Initiatives and legislation during the previous forty years had
restricted or prohibited Japanese immigration, land ownership
and U.S. naturalization. Still nearly 127,000 Japanese Americans
were living in the United States mostly in California, Oregon
and Washington. Immediately after the bombing of Pearl Harbor by
Japan, a mandatory curfew was imposed, first on Japanese aliens
and then on Japanese American citizens and all were required to
carry identification. On February 19, 1942 President Franklin
Roosevelt issued Executive Order 9066 ordering the exclusion of
all persons of Japanese descent, alien or citizen within
designated areas of Washington, Oregon, California and Arizona
for reasons of military necessity.
Persons of Japanese American descent were instructed to report
to assigned assembly centers, until internment camps could be
built. They were given only a few days to secure or dispose of
their land, houses and possessions. They were allowed to take
100 pounds per person or what they could carry.

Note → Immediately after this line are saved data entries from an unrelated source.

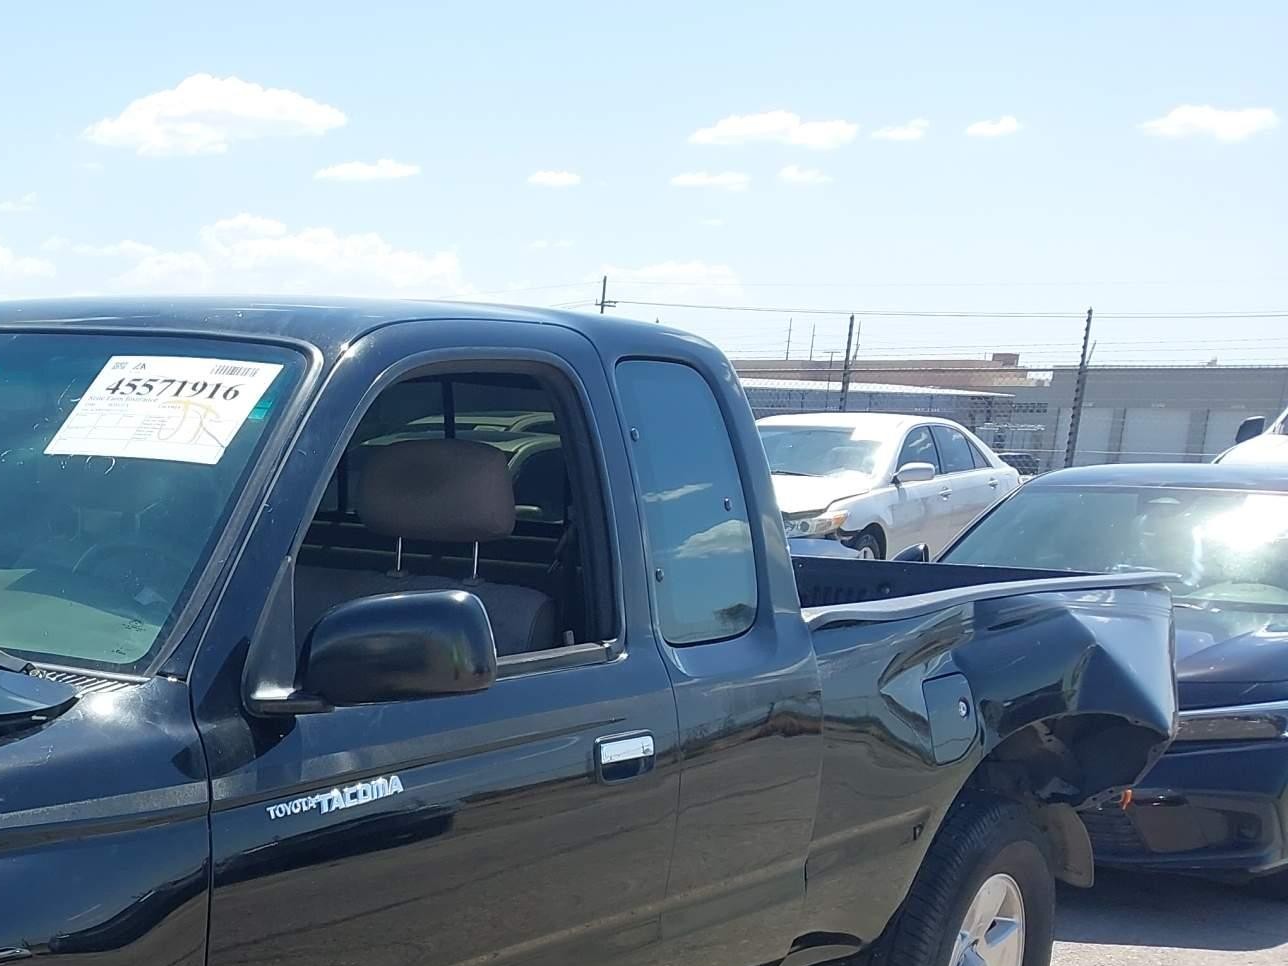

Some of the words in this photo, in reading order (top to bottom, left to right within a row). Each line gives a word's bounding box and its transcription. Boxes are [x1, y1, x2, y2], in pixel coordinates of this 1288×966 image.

[106, 376, 245, 400] 45571916
[266, 795, 316, 820] TOYOTA
[316, 775, 404, 815] TACOMA
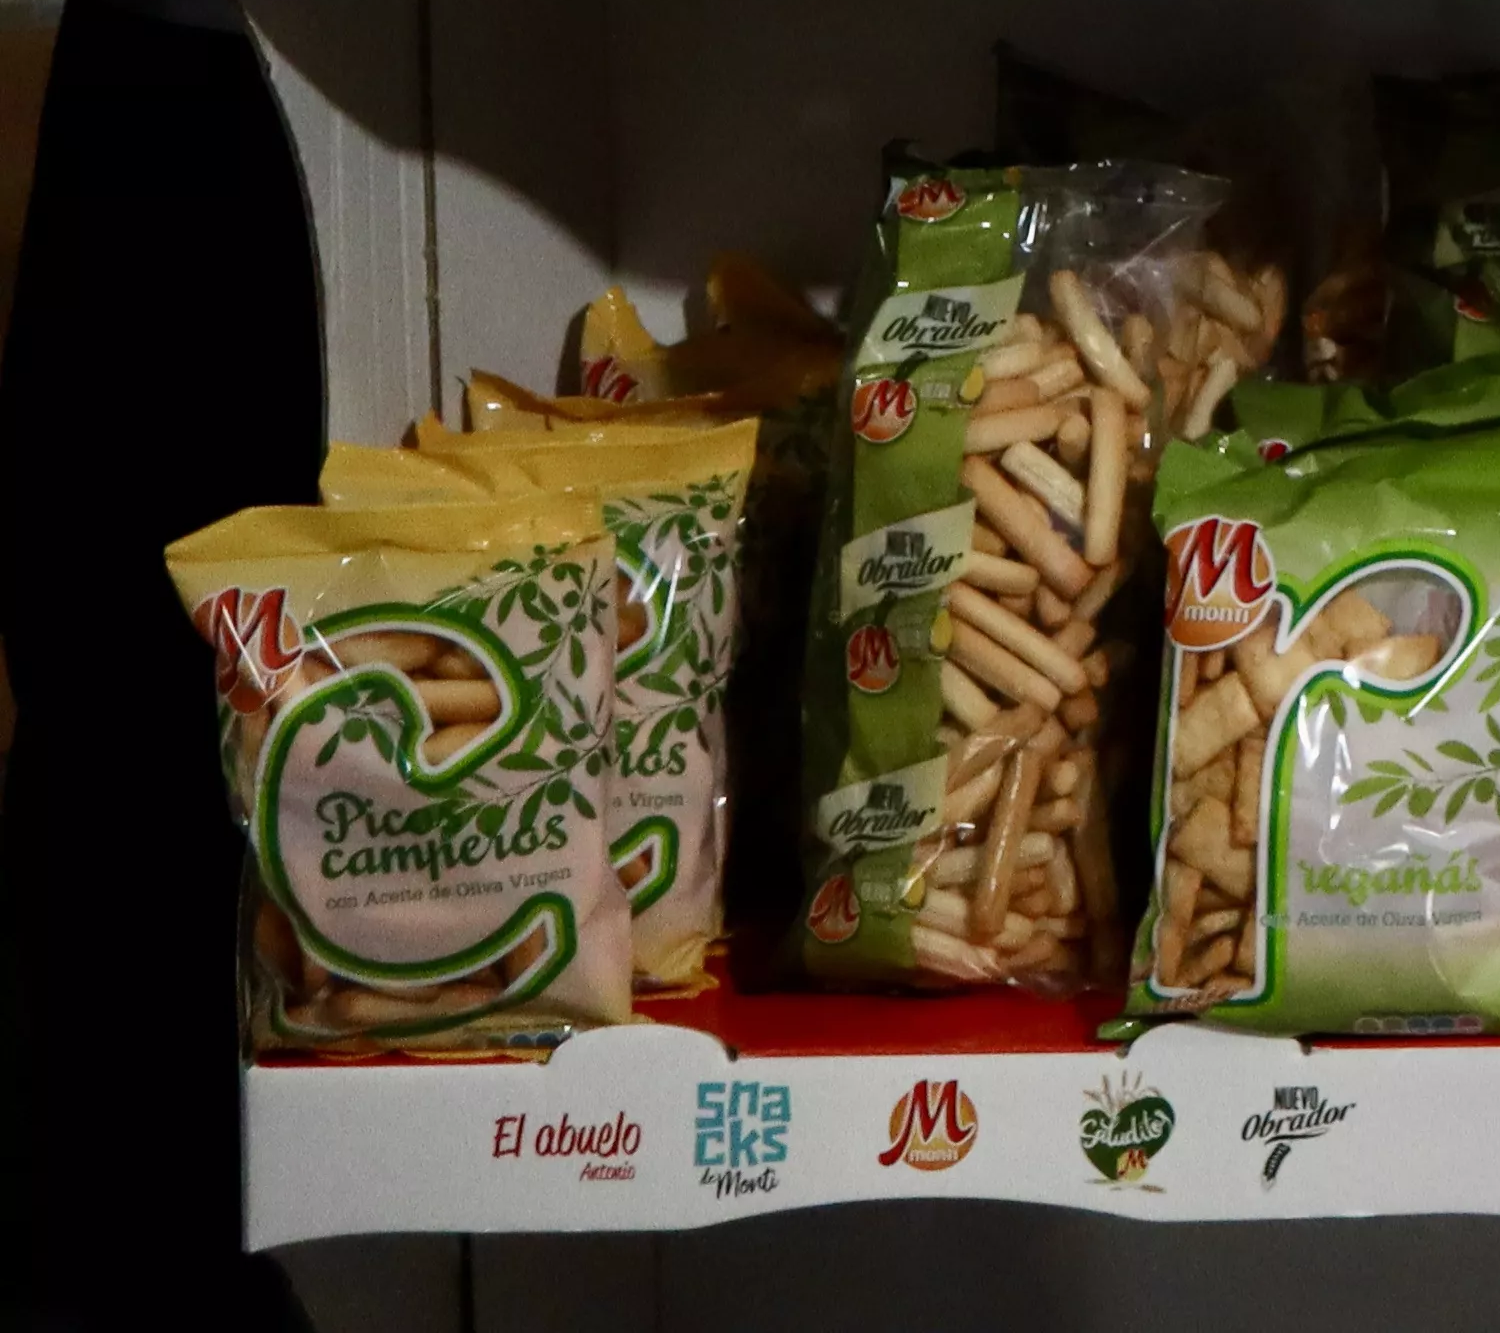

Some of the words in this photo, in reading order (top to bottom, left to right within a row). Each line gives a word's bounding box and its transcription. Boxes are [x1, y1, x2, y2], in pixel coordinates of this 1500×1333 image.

[883, 313, 1007, 342] Obrador
[858, 547, 964, 586] Obrador
[830, 806, 935, 836] Obrador
[320, 814, 569, 881] camperos
[364, 887, 423, 909] Aceite
[430, 885, 452, 901] de
[456, 880, 503, 900] Oliva
[509, 866, 573, 890] Virgen
[1274, 1086, 1319, 1110] NUEVO
[492, 1115, 523, 1159] El
[534, 1112, 642, 1159] abuelo
[1241, 1099, 1357, 1141] Obrador
[579, 1161, 636, 1182] Antonio
[716, 1168, 780, 1199] Monti

There were sixteen assembly centers, ten Justice Department
camps, six citizen isolation centers and ten internment camps.
The internment camps were located in the states of Utah,
Arizona, Colorado, Wyoming, California, Idaho and Arkansas and
operated from 1942-1946.
The Heart Mountain Relocation Center opened in 1942 and closed
in November 1945 and all persons were removed, given twenty-five
dollars and a rail pass to the destination of their choice.
Former internees suffered great hardships during the years after
World War II. The former internees often met with hostility,
acute housing shortages, loss of jobs and businesses and were
forced to start life anew. Recovery came slowly.
The Commission On Wartime Relocation and Internment of Civilians
concluded the exclusion, expulsion and incarceration of Japanese
Americans in World War II was not justified by military
necessity, as the government had claimed, and the decision was
based on: Race prejudice, War hysteria, Failure of
political leadership.
The internment of Japanese Americans is unique to the period of
World War II; however, it is of disturbing relevance today when
groups of people continue to be singled out.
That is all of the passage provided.